Free-text object descriptions:
····················
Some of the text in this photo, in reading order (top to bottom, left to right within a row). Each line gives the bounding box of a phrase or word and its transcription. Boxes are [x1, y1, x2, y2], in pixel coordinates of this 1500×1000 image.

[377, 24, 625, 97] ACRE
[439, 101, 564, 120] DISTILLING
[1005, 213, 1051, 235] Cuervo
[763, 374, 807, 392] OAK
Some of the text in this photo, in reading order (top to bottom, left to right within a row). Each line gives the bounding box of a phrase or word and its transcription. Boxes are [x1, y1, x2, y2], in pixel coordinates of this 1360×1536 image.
····················
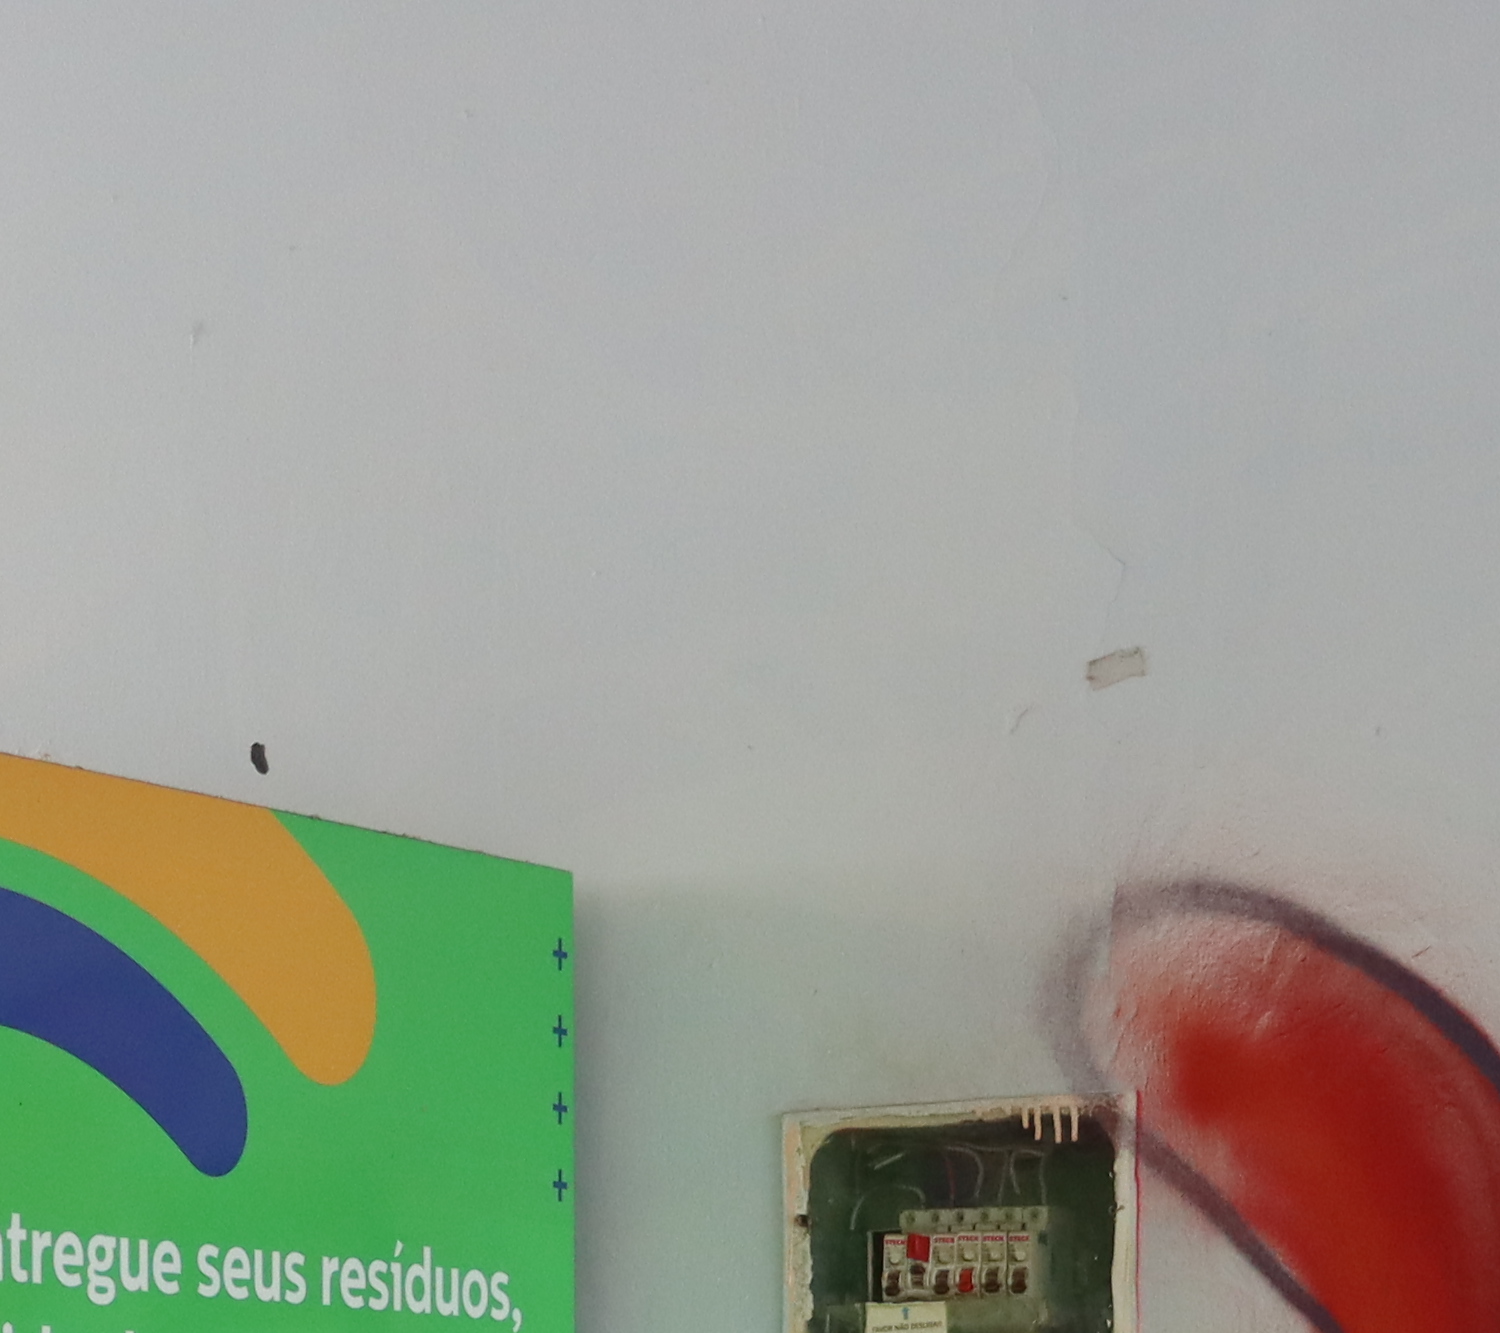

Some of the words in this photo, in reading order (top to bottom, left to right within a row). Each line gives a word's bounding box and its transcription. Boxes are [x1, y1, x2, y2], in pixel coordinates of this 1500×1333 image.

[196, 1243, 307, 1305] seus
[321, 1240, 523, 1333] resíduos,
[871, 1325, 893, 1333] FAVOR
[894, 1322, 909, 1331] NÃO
····················
Work order: Once you find the line with "this 1500×1000 image." in the entries above, output it and each line after it up to and including the line with "this 1360×1536 image.", and nothing else.

Exercise result:
Some of the text in this photo, in reading order (top to bottom, left to right within a row). Each line gives the bounding box of a phrase or word and its transcription. Boxes are [x1, y1, x2, y2], in pixel coordinates of this 1500×1000 image.

[377, 24, 625, 97] ACRE
[439, 101, 564, 120] DISTILLING
[1005, 213, 1051, 235] Cuervo
[763, 374, 807, 392] OAK
Some of the text in this photo, in reading order (top to bottom, left to right within a row). Each line gives the bounding box of a phrase or word and its transcription. Boxes are [x1, y1, x2, y2], in pixel coordinates of this 1360×1536 image.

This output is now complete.